Don’t look at the world- You may cry now
2.The
dark side of the moon
There is no
dark side of the moon, really.
As a matter
of fact, it's all dark.
The only thing that makes it look light is the sun.
(Eclipse, Gerry
Driscoll - Pink Floyd)
Pregustare l’ambito risultato
renderà sì
più calcolati e lucidi i singoli passi, ma anche
più dolorosi, perché consci
tanto di quello a cui condurranno quanto di quello che potrebbero
perdere per
una mossa troppo azzardata.
Parlare al presente di quello che non si possiede può
rovinare tutto.
[Ed
ho fatto un errore.]
-
E’ mattino ed una smorfia
stanca si contorce sul volto di lui, mentre sale le scale a portarle la
colazione su un vassoio.
La luce è pallida e le imbratta ancora di più la
pelle di un bianco così
falsato ed intenso da parer pronto a scrostarsi, come un secondo strato
di
pelle. E’ la sua nuova barriera difensiva.
Al sente, con un brivido angoscioso tra lo sterno e la gola, che non
manca
molto perché un semplice mettere il naso fuori di casa la
bruci e logori come
solo le assenze hanno saputo fare, indebolendola con gli anni.

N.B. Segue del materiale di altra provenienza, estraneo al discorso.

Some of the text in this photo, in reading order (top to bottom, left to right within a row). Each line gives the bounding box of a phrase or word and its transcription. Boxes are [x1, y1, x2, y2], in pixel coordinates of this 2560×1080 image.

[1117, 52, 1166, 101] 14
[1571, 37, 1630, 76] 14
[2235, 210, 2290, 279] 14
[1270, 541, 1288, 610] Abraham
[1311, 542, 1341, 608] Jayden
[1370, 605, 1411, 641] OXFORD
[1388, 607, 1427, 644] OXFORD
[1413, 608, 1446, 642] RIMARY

Dorme senza espressioni più nitide d’una curva
leggera di labbra, lei, con la
camicia da notte larga e a pieghe sulla vita sottile.

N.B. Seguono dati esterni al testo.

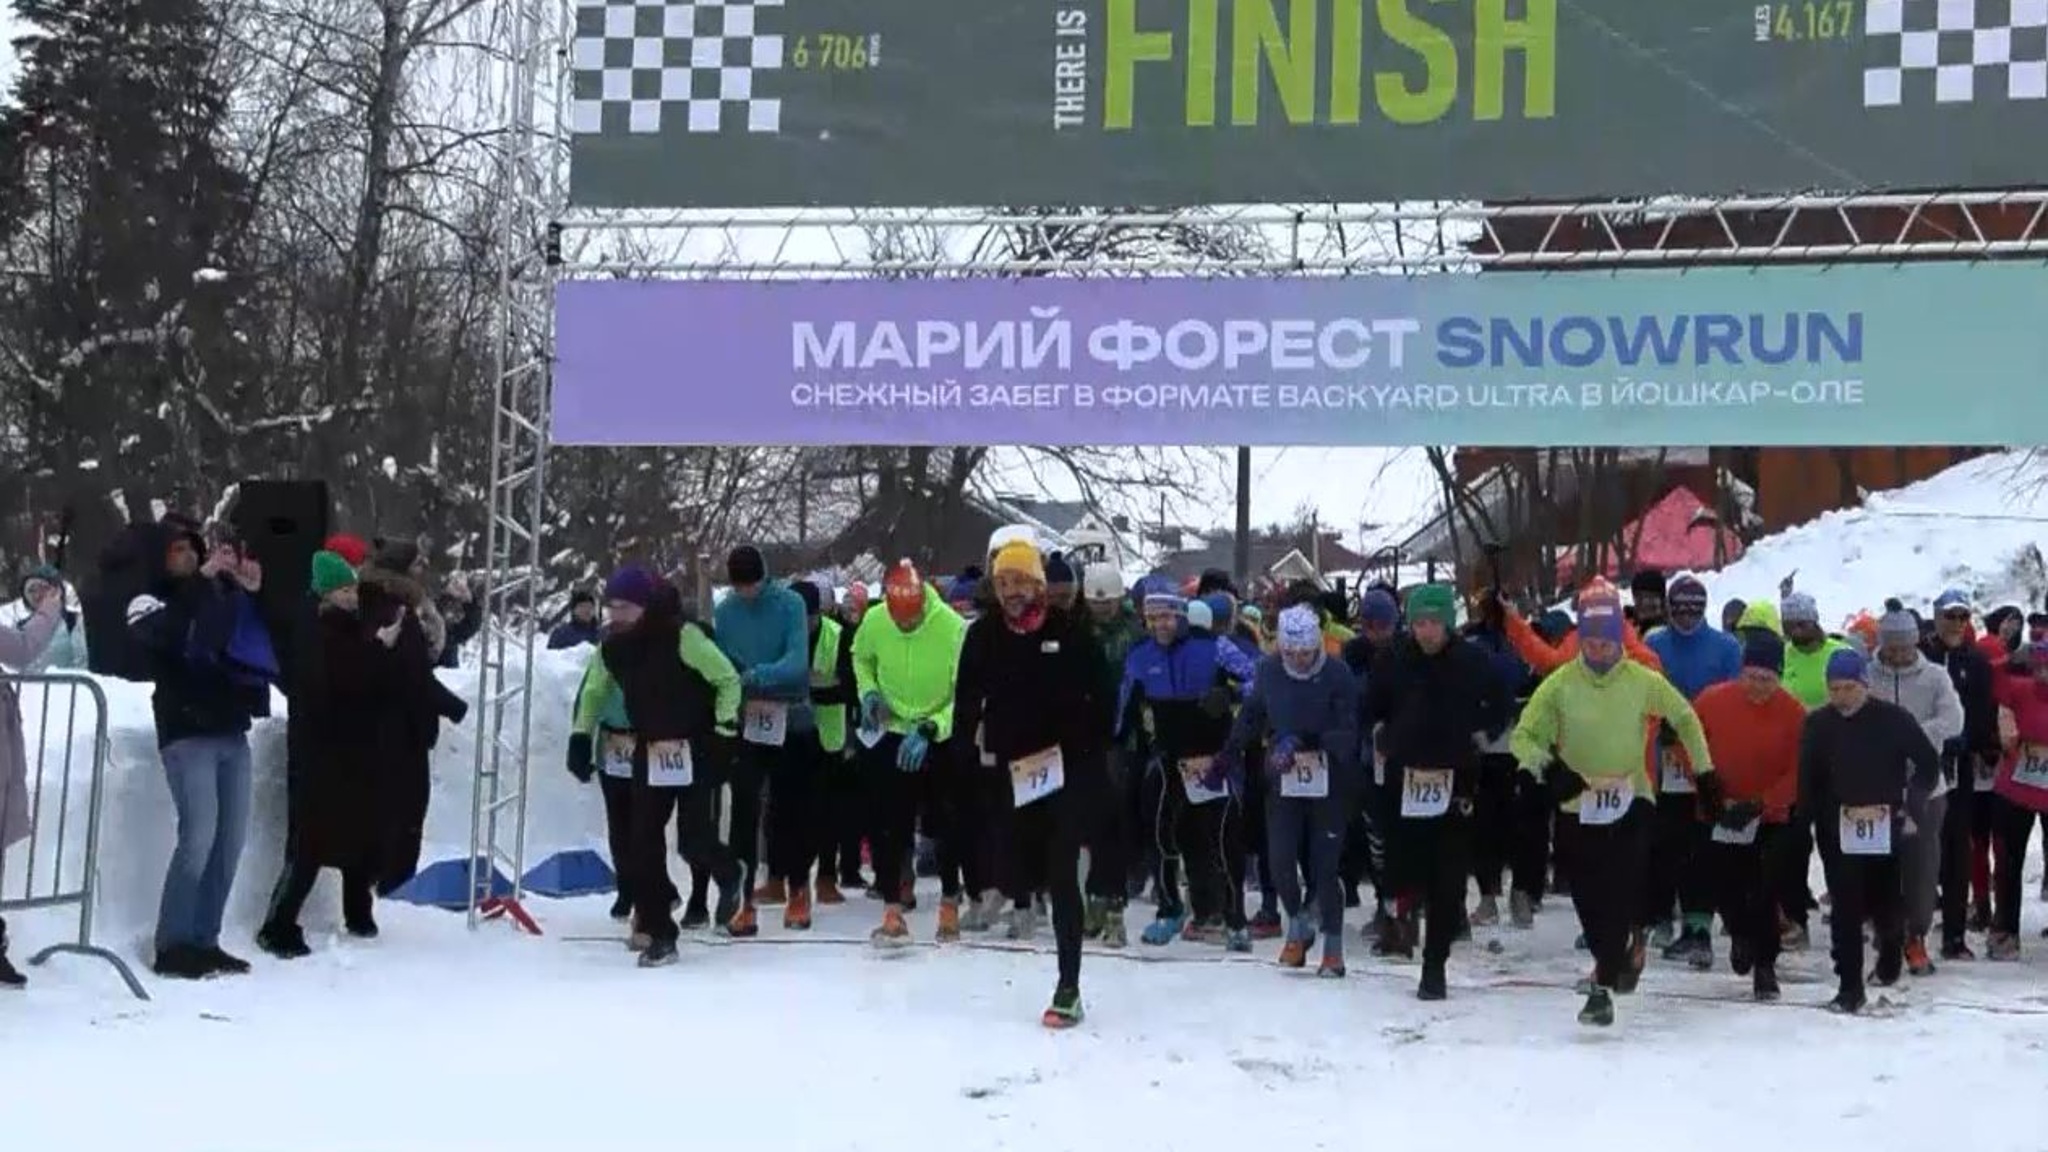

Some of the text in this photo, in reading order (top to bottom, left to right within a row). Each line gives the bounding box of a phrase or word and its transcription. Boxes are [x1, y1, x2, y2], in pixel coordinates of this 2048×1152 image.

La stessa che ha portato in gravidanza, nota lui.
Un richiamo ad un ricordo felice, morbido e mai visto. Un secondo
involucro, e
lei non ha più pelle né cuore, solo altri strati
di carne inerte.
Buffo. Aveva tanto odiato quell’indumento– ma certo
non la condizione in cui
l’aveva indossata.
L’aveva sempre trovato troppo scomodo e troppo corto sulle
gambe. Se dovessi
andare ad aprire la porta così vestita, diceva
lamentosa, come farei?
Ma lui è entrato, e
sente
che non si scomporrà nemmeno troppo.
Ciononostante, si allontanerà per concederle un placido
sonno ancora lungo,
senza imporle la sua esistenza come ricordo di quella loro penosa,
nuova, vita.
Dopotutto, ha ancora il
sacrosanto diritto di tenere gli occhi chiusi finché lo
vuole, e così sarà,
senza dubbio.
Quasi a sfregio di quel pensiero innocuo, Winry apre un occhio mentre
lui posa
il vassoio sul tavolino da lavoro, e lo scruta di schiena, stanco e
curvo e vecchio,
d’una senilità cui l’ha lei
stesso condotto, senza rimorsi.
Resta in silenzio e non lo chiama a voltarsi, lo segue solo con lo
sguardo.
Vi è un angoscioso aggrapparsi a quell’immagine
scivolosa, nel suo sguardo
abbagliato dalla luce, e si sente compassionevole verso questa
sé stessa così
miserabile ed incapace di allontanarsi da un affetto né di
avvicinarlo più di
un minimo.
Così pigra–e non vuole
più soffrire, e non vuole più guidare nessuno con
la sua luce spenta, e non vuole più alzarsi e scottarsi al
sole.
Non vuole più tollerare il minimo dolore.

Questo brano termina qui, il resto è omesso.